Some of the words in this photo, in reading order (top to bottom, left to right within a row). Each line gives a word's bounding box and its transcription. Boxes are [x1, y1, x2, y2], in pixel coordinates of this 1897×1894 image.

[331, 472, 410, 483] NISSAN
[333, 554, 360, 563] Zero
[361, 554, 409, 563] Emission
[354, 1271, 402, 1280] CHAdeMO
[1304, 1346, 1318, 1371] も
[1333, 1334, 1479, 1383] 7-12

-------

YOUR GOAL:
Every entry in the data should be returned exactly.

EXERCISE OUTPUT:
Some of the words in this photo, in reading order (top to bottom, left to right within a row). Each line gives a word's bounding box and its transcription. Boxes are [x1, y1, x2, y2], in pixel coordinates of this 1897×1894 image.

[331, 472, 410, 483] NISSAN
[333, 554, 360, 563] Zero
[361, 554, 409, 563] Emission
[354, 1271, 402, 1280] CHAdeMO
[1304, 1346, 1318, 1371] も
[1333, 1334, 1479, 1383] 7-12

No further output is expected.